Blacks had every reason to believe that northern white political leadership would support them. The Confederacy had launched the bloodiest war in American history. Over 700,000 Americans died in that war, which is more causalities than all the U.S. wars combined. Blacks, on the other hand, fought and died for the union. About 179,000 blacks, comprising 10% of the Union troops, fought in the war, with about 40,000 dying. So, that was the Choice. Do you give the lands to blacks who toiled it for 246 years and fought and died at your side; or do you give it back to the confederate?
Northern politicians and industrialist were clear. Cotton was still an important component of the southern economy, and these leaders wanted to reconstruct the South under white leadership and control, and this meant returning the confiscated land to their confederate owners and recreating the former slaves as a semi-free peasantry tied to white owned land.
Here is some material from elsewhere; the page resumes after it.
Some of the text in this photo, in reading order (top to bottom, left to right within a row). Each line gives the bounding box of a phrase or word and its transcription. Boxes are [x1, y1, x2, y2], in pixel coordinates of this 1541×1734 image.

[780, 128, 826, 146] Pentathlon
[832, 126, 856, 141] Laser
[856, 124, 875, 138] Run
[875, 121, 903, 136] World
To make this system work, a new method of social control had to be established.
During his presidency, Andrew Johnson ordered the return of all land under federal control to its previous owners. The Freedman’s Bureau, then, informed blacks on these lands that they could either sign labor contracts with the planters or be evicted. The army troops would forcibly remove those who refused or resisted. Through these and other means, whites from the old Confederacy were able to regain control over the agricultural lands and reestablish their political power.
Without land or money, most blacks became sharecroppers and tenant framers. Under this system, black families would rent small plots of land, or shares, to work themselves. In return, they would give a portion of their crop to the landowner at the end of the year. The situation of tenant farmers was similar to sharecroppers, but they had the option to use cash or a combination of cash and crops to rent the land.
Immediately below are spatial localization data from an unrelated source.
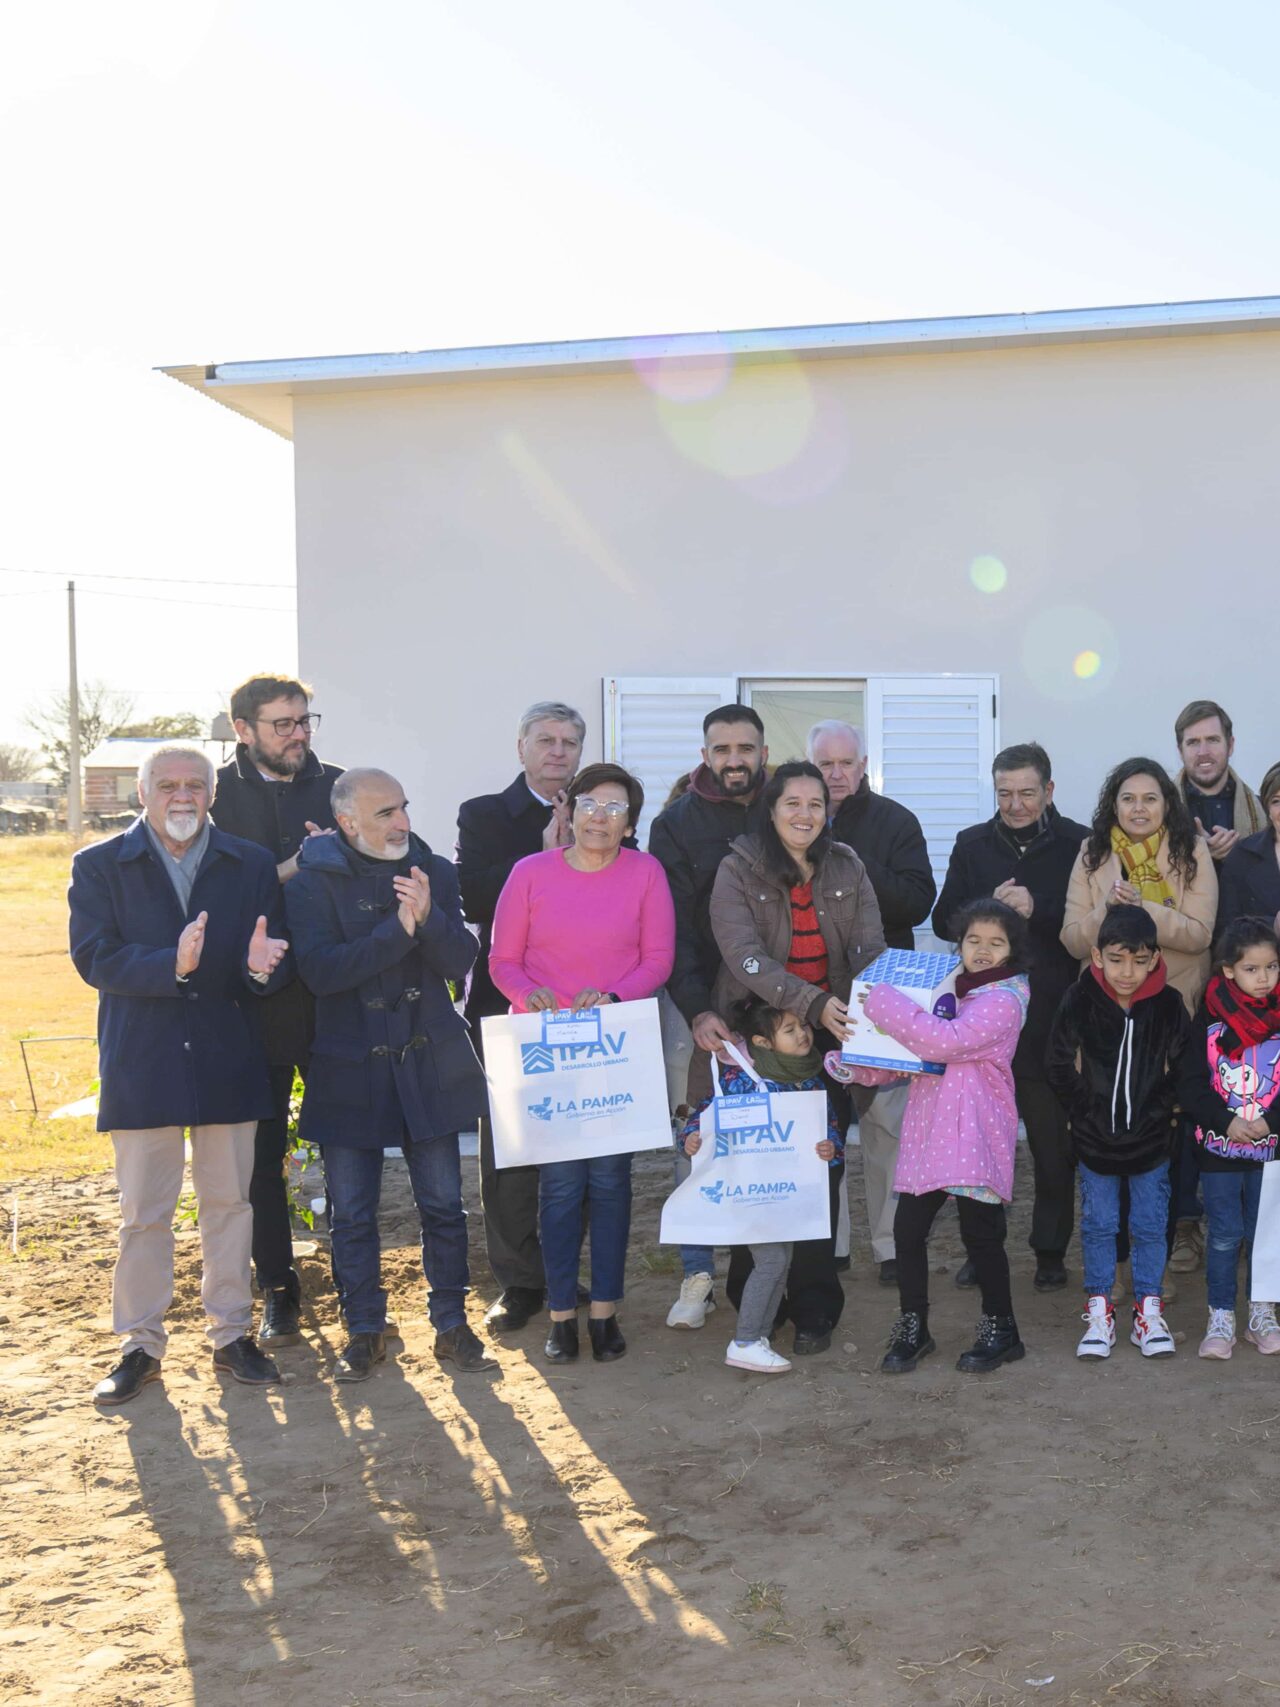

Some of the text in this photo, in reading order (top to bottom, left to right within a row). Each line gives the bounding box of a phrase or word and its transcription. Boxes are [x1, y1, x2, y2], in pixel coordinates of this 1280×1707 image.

[560, 1031, 626, 1061] IPAV
[562, 1057, 629, 1071] DESARROLLO URBANO
[556, 1093, 633, 1113] LA PAMPA
[732, 1120, 795, 1145] IPAV
[769, 1145, 795, 1153] URBANO
[725, 1182, 797, 1197] LA PAMPA
The sharecropping and tenant system was based anchored by a debt system. The landowner would provide the sharecropper with tools and other supplies, which would be deducted from their share of crops at harvest. Concurrently, sharecroppers and tenants developed relations with local merchant, whom they purchased goods on credit. With owners and merchants keeping the books, blacks found themselves trapped in a system of perpetual debt that kept them tied to the land.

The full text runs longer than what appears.